Squandering humanity

The report "Squandering humanity" from the Syrian Center for Policy Research, UNRWA and UNDP outlines many of the problems faced by the Syrian people. The armed-conflict has massively impacted the country socially and economically. Please note that all statistics in the report are from December 2013, and the conflict has continued throughout 2014, wreaking more devastation.

Read the report here

A brief look at the economic impact

 Those with the power to benefit from the black market, borne from the destruction of homes and businesses, and the abuse of humanitarian assistance, have an interest in continuing the conflict.

 Public debt has risen, unemployment is high and the collapse of industry has lead to the need for goods to be imported. Due to demand, some goods are now 3 times their price at the start of the conflict.

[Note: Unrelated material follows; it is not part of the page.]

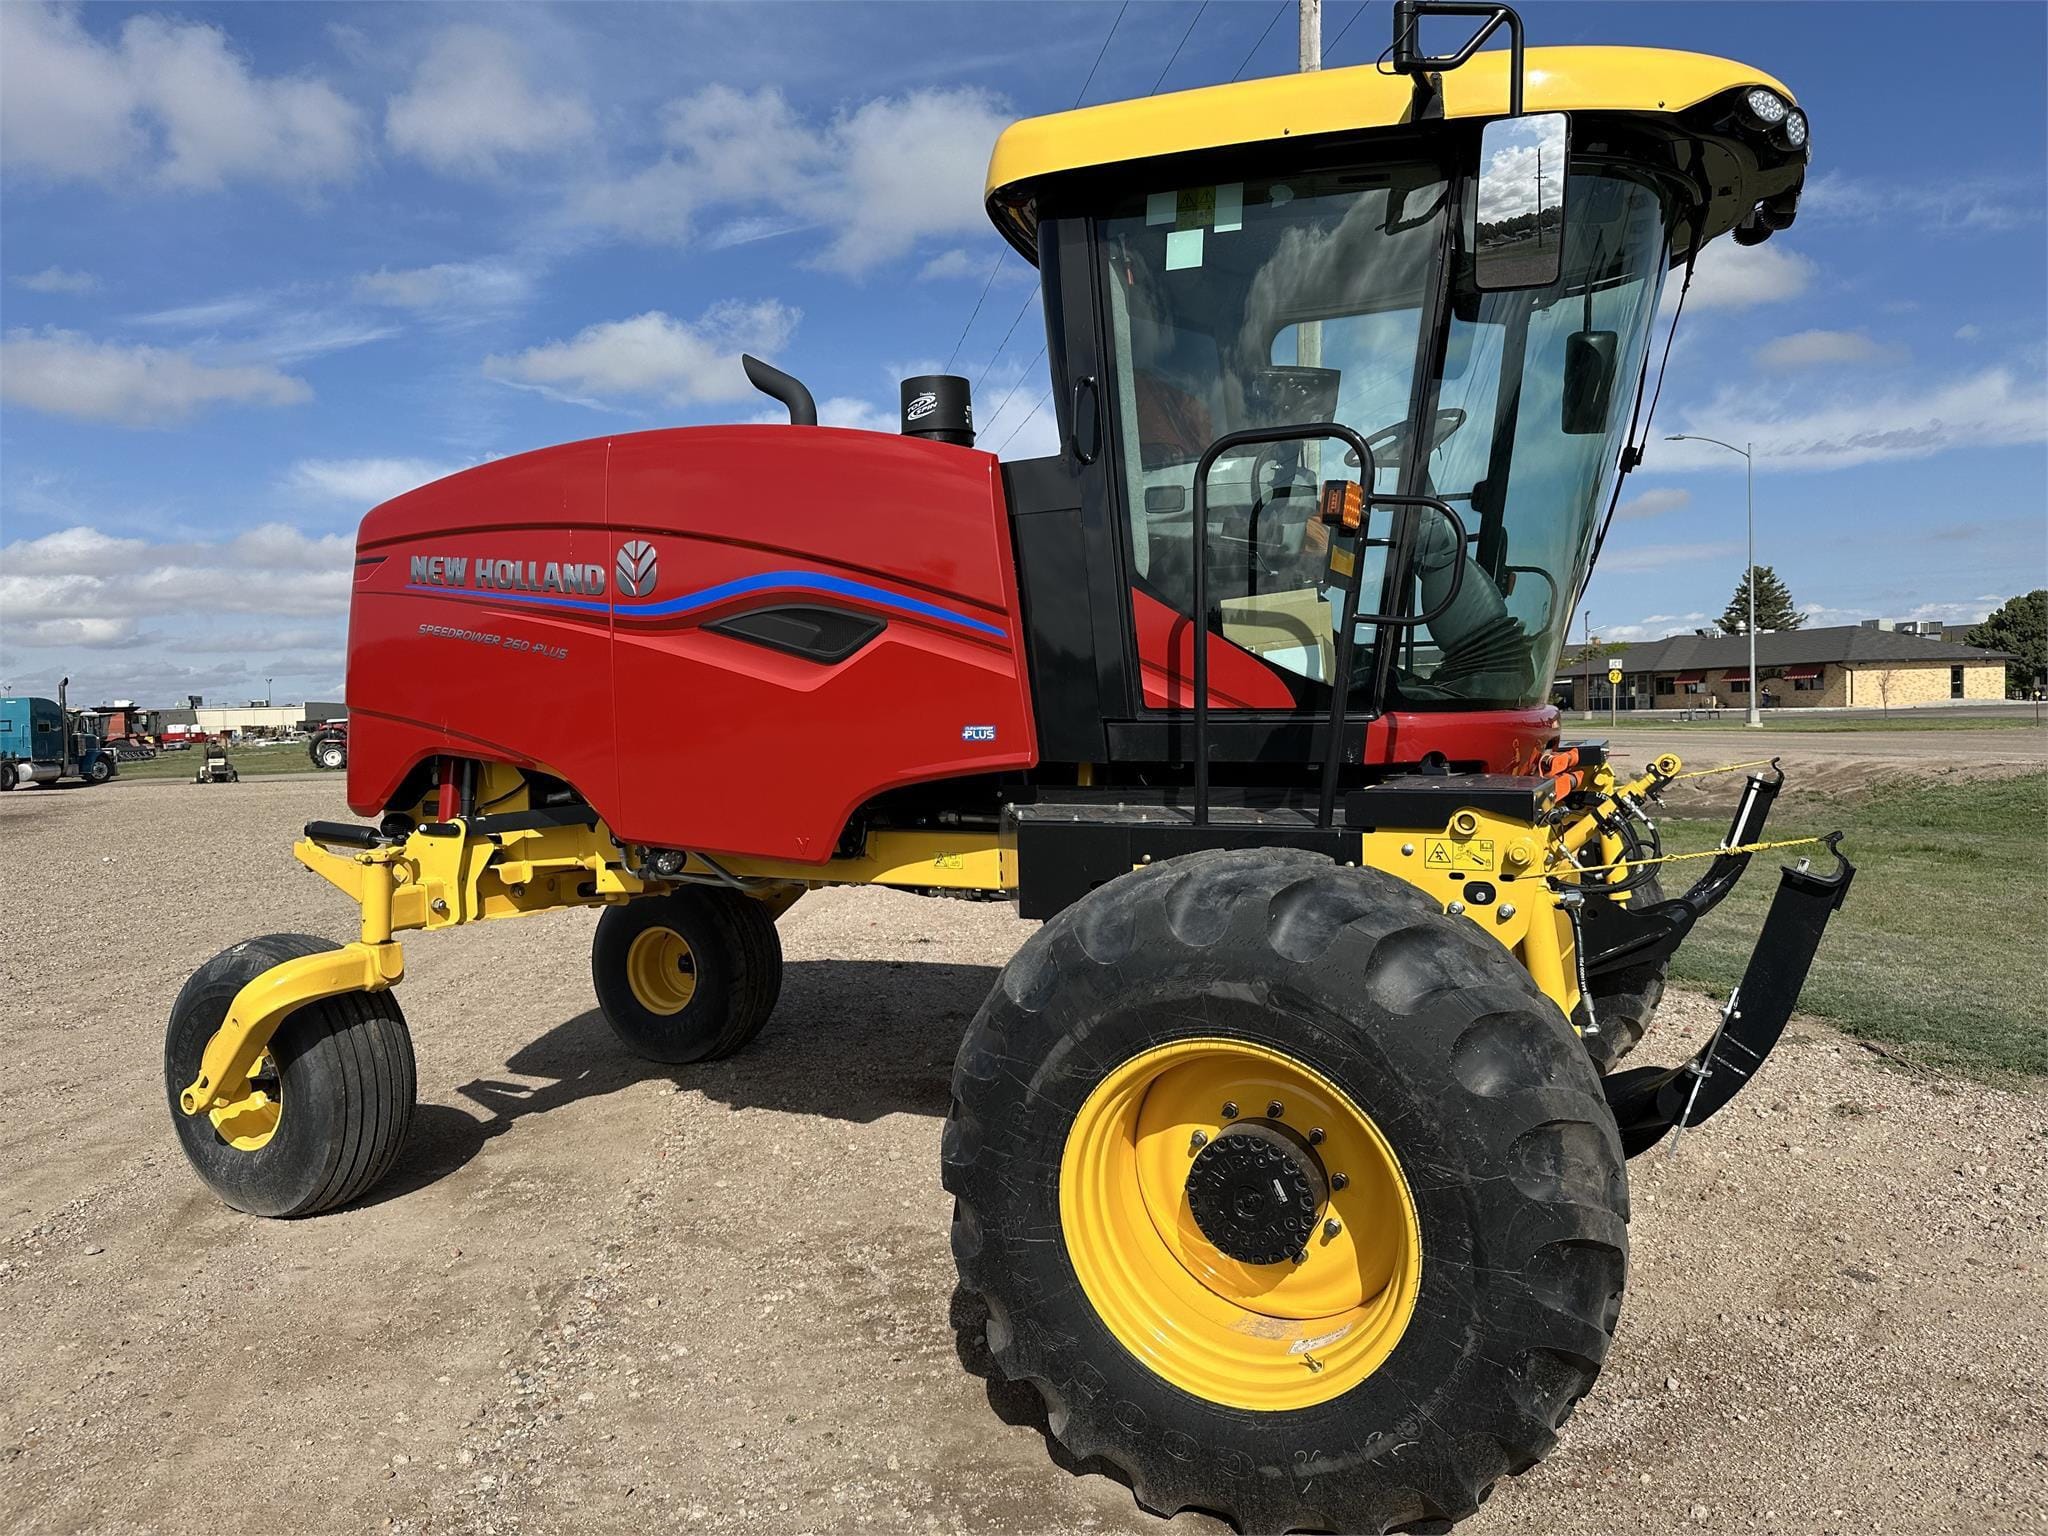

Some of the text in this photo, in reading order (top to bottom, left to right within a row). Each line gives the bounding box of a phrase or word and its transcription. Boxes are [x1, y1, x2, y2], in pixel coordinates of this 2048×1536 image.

Foreign investment and tourism are both depleted as the country is unstable.

A brief look at the social impact


Almost half of the population fled their homes. Palestinian refugees were also displaced. At the end of 2013, refugees from Syria were the largest refugee population in the world (and continue to be, near end of 2014). More than half of the population is living in "extreme poverty, unable to secure the most basic food and non-food items required for the survival of their households. Some 20 per cent of the population survive in abject poverty, where they were unable to meet their basic food needs, with the abject poor in conflict zones and besieged areas facing hunger, malnutrition and starvation"

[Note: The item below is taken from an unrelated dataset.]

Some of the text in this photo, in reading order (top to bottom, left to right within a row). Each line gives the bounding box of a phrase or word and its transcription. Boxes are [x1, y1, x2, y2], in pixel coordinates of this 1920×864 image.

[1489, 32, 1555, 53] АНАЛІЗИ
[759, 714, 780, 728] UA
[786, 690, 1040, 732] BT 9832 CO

How is this affecting health care in Syria?




"The health of a nation is determined by social, economic, cultural and political organisation that determines the opportunities for individuals to achieve health"

Damage to infrastructure and buildings hinder the provision of healthcare. Healthcare personnel have often fled, been displaced or been killed, hospitals having not been spared during the conflict. Medication must now be imported, and any humanitatian efforts to bring supplies run the risk of attack. The outlines the following three trends, reported by Rubenstein and Bittle:

  • Attacks on medical function as part of a broader assault on civilians
  • Attacks on medical functions to achieve military advantage; and
  • Disrespect for medical ethics and the duty of health workers to treat all, including combatants, regardless of affiliation

Healthcare has been used as a weapon by the powerful to punish and control their opponents. This is through monopoly, corruption, smuggling, pillage and discrimination. Healthcare workers who challenge this, also risk this same oppression. 

Environmental risks to health include lack of safe accomodation, lack of adequate food and supplies, scarcity of clean water and the precarity of living in conflict, as well as the risk of injury and brutality from combatants. There has been an epidemic of Measles in Aleppo and appearance of polio in the northen and eastern regions. Cancer drugs and treatments for chronic disease are in short supply, and unavailable in some regions. The scarcity of medication has lead to a black market where only those who can pay, can afford decent healthcare. The increasingly poor majority cannot afford this.

Throughout the report, the tragedy and scale of the crisis is evident.